• Description of the task: Reproduce each entry below exactly, without omitting any.

• Input for this task:
######
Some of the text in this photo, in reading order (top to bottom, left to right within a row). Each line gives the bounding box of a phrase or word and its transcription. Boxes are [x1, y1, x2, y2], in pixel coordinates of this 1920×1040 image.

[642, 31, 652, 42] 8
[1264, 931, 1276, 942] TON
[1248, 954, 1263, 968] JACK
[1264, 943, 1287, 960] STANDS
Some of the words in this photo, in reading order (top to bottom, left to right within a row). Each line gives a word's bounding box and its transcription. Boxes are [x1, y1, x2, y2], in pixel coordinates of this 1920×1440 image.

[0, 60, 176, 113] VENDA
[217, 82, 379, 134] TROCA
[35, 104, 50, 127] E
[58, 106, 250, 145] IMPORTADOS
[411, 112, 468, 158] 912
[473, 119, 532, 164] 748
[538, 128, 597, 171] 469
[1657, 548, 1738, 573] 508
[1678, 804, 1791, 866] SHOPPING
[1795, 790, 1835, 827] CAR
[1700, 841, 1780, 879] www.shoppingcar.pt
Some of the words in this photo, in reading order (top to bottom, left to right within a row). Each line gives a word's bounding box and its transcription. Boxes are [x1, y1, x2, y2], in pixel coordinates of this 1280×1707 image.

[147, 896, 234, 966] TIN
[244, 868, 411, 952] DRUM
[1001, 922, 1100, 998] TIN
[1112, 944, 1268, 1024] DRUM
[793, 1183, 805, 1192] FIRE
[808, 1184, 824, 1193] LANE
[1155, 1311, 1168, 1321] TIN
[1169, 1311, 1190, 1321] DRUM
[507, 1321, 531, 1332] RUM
######
• Your response:
Some of the text in this photo, in reading order (top to bottom, left to right within a row). Each line gives the bounding box of a phrase or word and its transcription. Boxes are [x1, y1, x2, y2], in pixel coordinates of this 1920×1040 image.

[642, 31, 652, 42] 8
[1264, 931, 1276, 942] TON
[1248, 954, 1263, 968] JACK
[1264, 943, 1287, 960] STANDS
Some of the words in this photo, in reading order (top to bottom, left to right within a row). Each line gives a word's bounding box and its transcription. Boxes are [x1, y1, x2, y2], in pixel coordinates of this 1920×1440 image.

[0, 60, 176, 113] VENDA
[217, 82, 379, 134] TROCA
[35, 104, 50, 127] E
[58, 106, 250, 145] IMPORTADOS
[411, 112, 468, 158] 912
[473, 119, 532, 164] 748
[538, 128, 597, 171] 469
[1657, 548, 1738, 573] 508
[1678, 804, 1791, 866] SHOPPING
[1795, 790, 1835, 827] CAR
[1700, 841, 1780, 879] www.shoppingcar.pt
Some of the words in this photo, in reading order (top to bottom, left to right within a row). Each line gives a word's bounding box and its transcription. Boxes are [x1, y1, x2, y2], in pixel coordinates of this 1280×1707 image.

[147, 896, 234, 966] TIN
[244, 868, 411, 952] DRUM
[1001, 922, 1100, 998] TIN
[1112, 944, 1268, 1024] DRUM
[793, 1183, 805, 1192] FIRE
[808, 1184, 824, 1193] LANE
[1155, 1311, 1168, 1321] TIN
[1169, 1311, 1190, 1321] DRUM
[507, 1321, 531, 1332] RUM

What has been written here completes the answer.